**Requirement**
Reproduce the data below exactly as written. Pictures do not belong in the copy.

**Data extract**
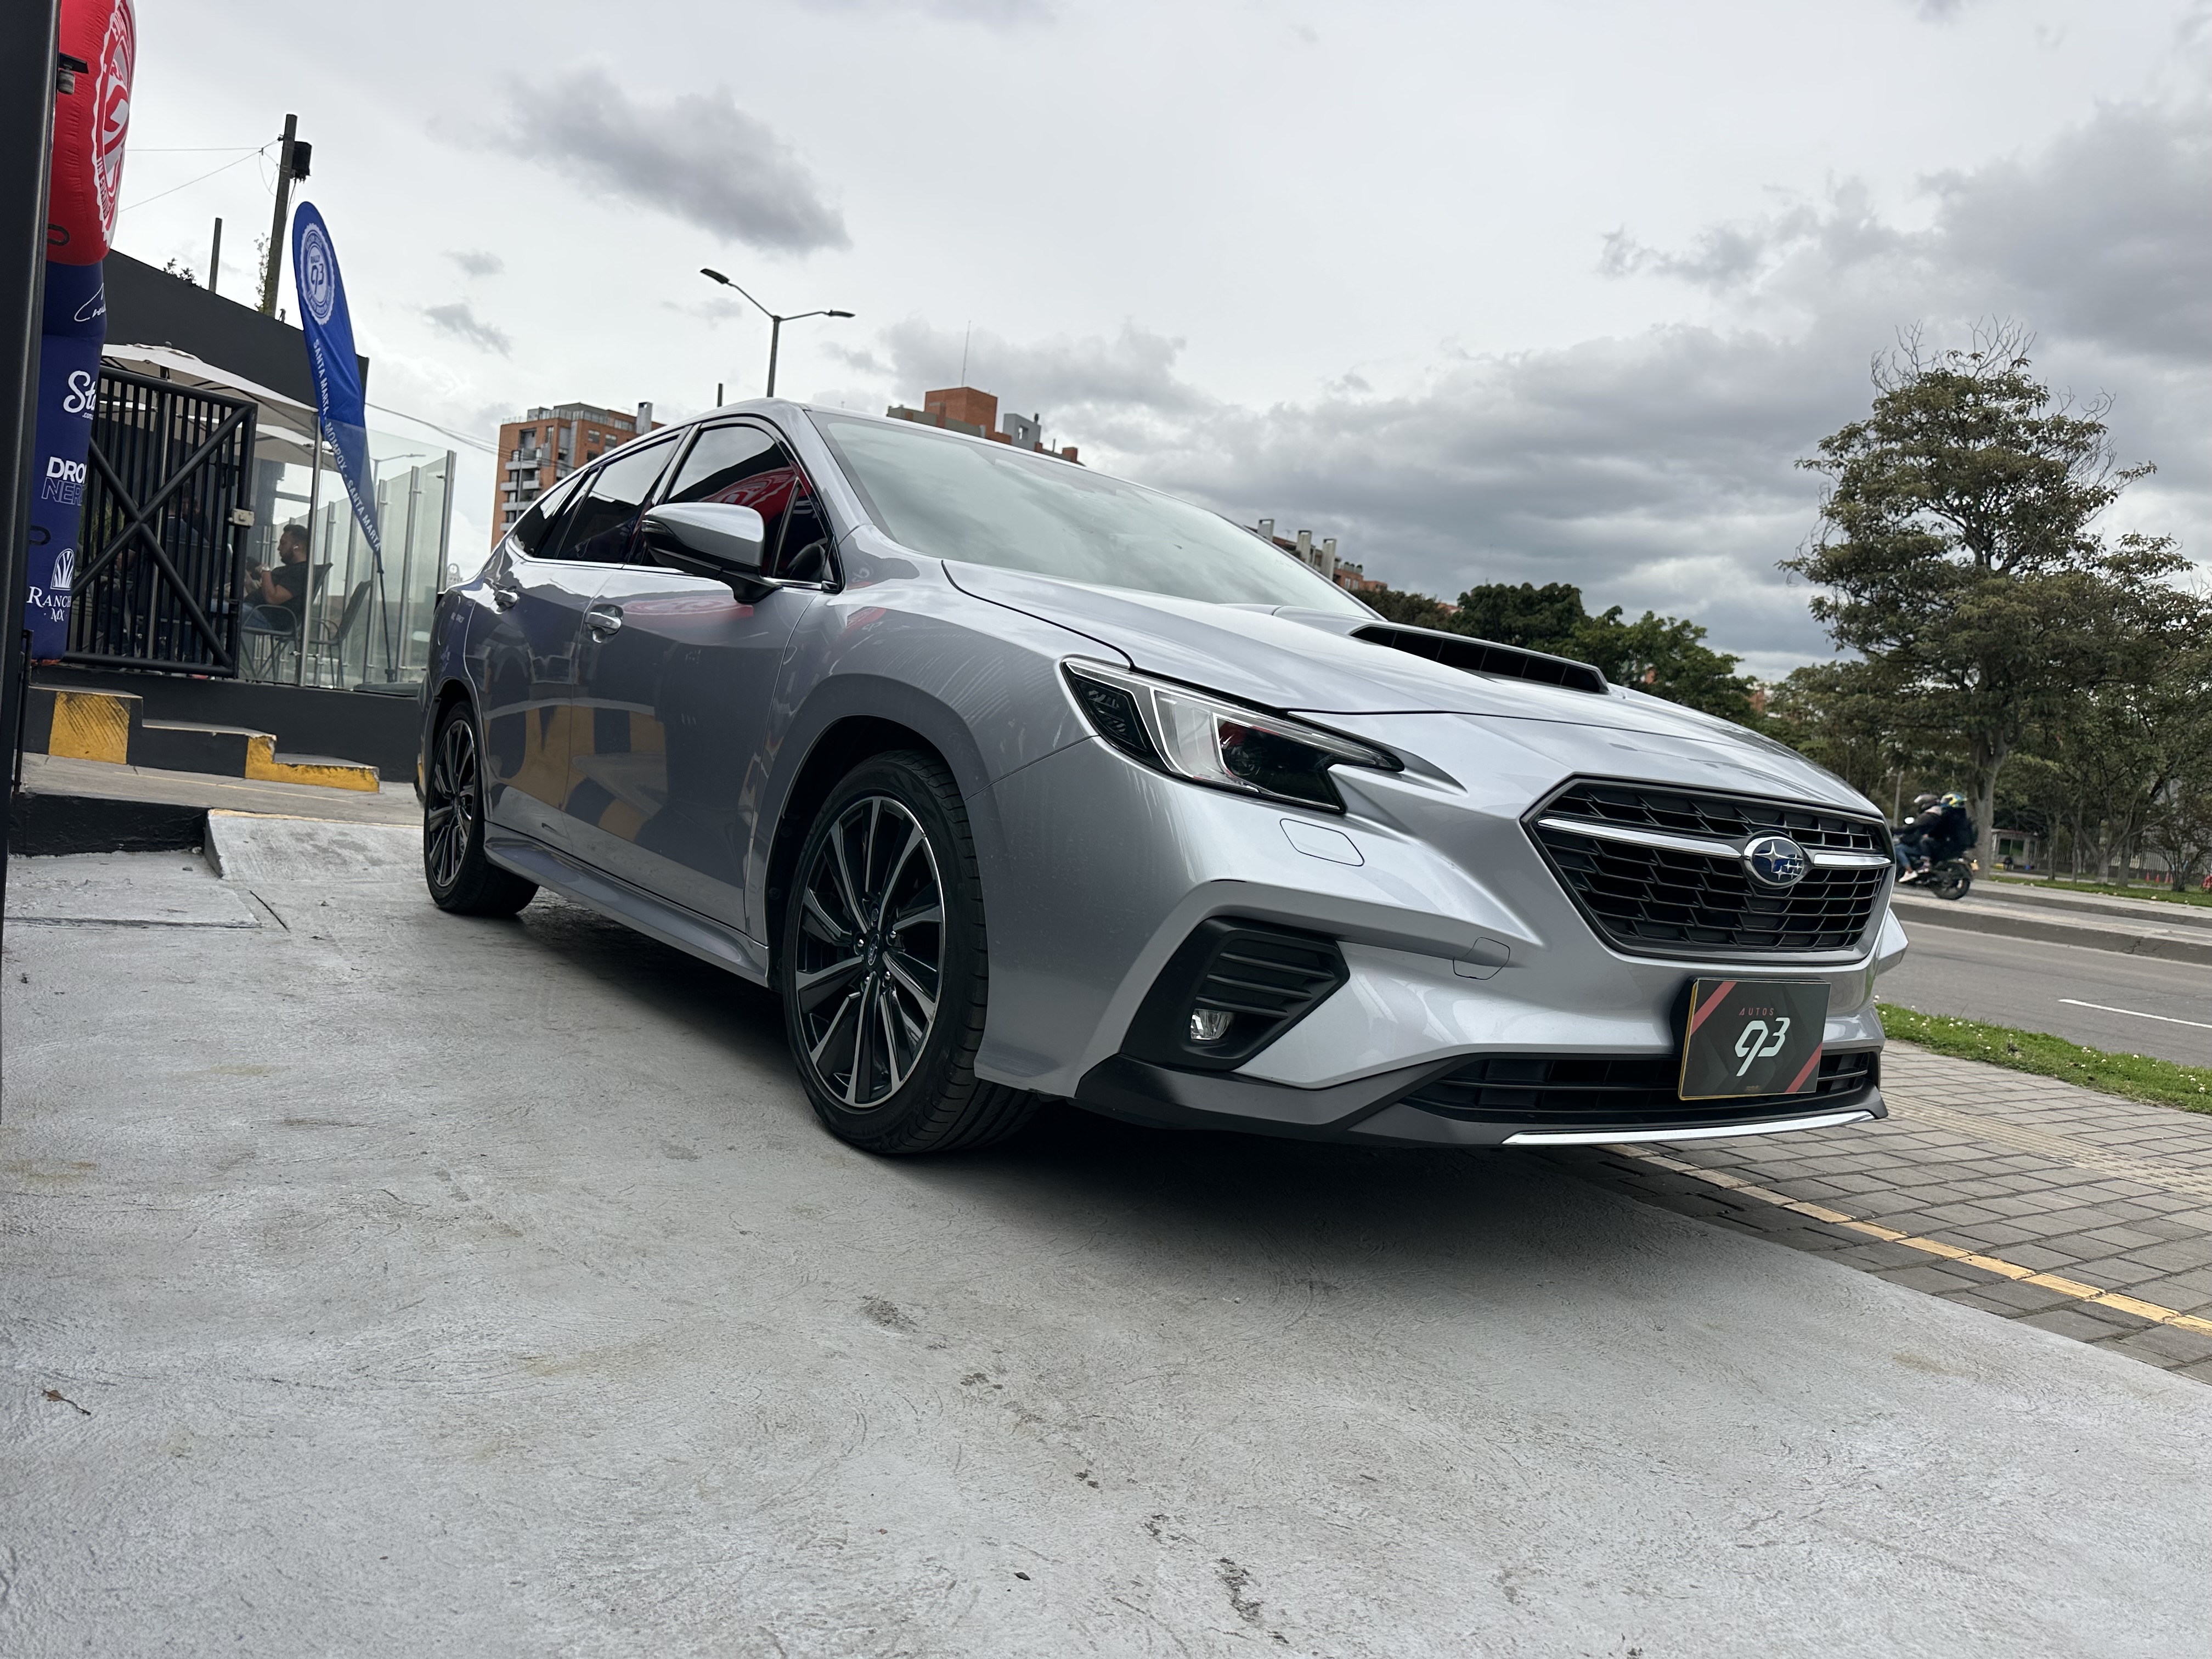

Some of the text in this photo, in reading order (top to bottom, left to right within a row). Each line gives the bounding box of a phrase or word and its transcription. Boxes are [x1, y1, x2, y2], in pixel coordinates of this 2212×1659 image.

[311, 263, 324, 296] 93
[313, 339, 382, 552] SANTA MARTA MOMPOX SANTA MARTA
[46, 456, 87, 484] DRO
[41, 477, 83, 506] NER
[1738, 1007, 1775, 1017] AUTOS
[1734, 1017, 1791, 1077] 93
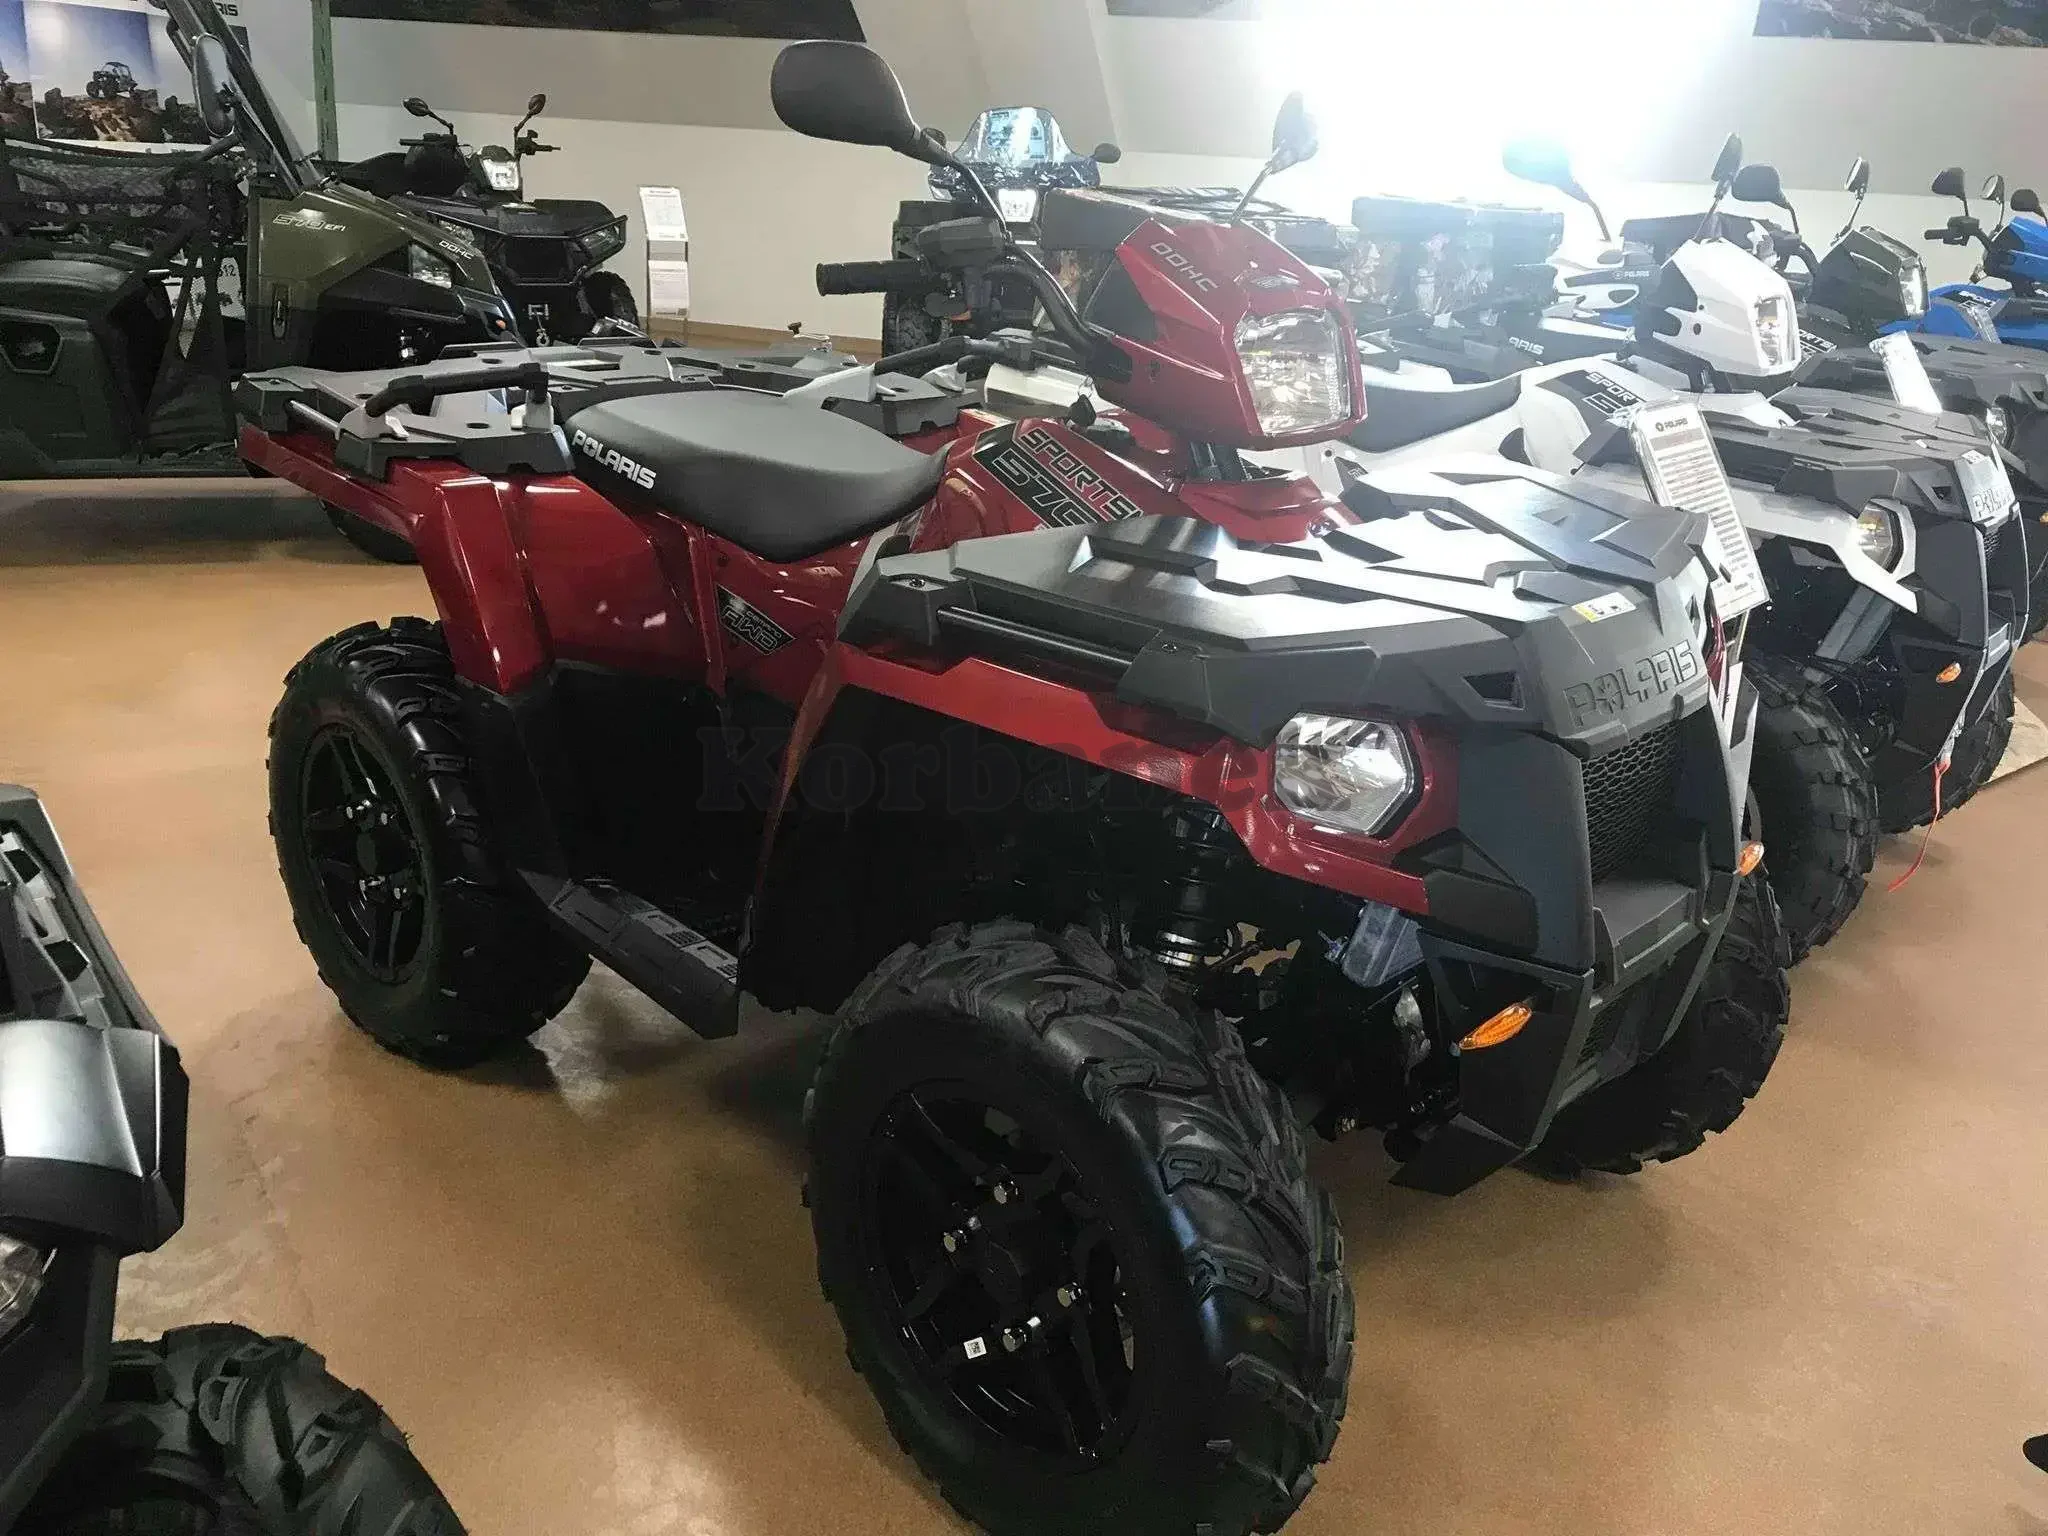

**Written reply**
Some of the text in this photo, in reading order (top to bottom, left to right within a row). Each line gives the bounding box of a phrase or word and its transcription. Boxes are [x1, y1, x2, y2], in pixel coordinates of this 2212×1659 image.

[311, 263, 324, 296] 93
[313, 339, 382, 552] SANTA MARTA MOMPOX SANTA MARTA
[46, 456, 87, 484] DRO
[41, 477, 83, 506] NER
[1738, 1007, 1775, 1017] AUTOS
[1734, 1017, 1791, 1077] 93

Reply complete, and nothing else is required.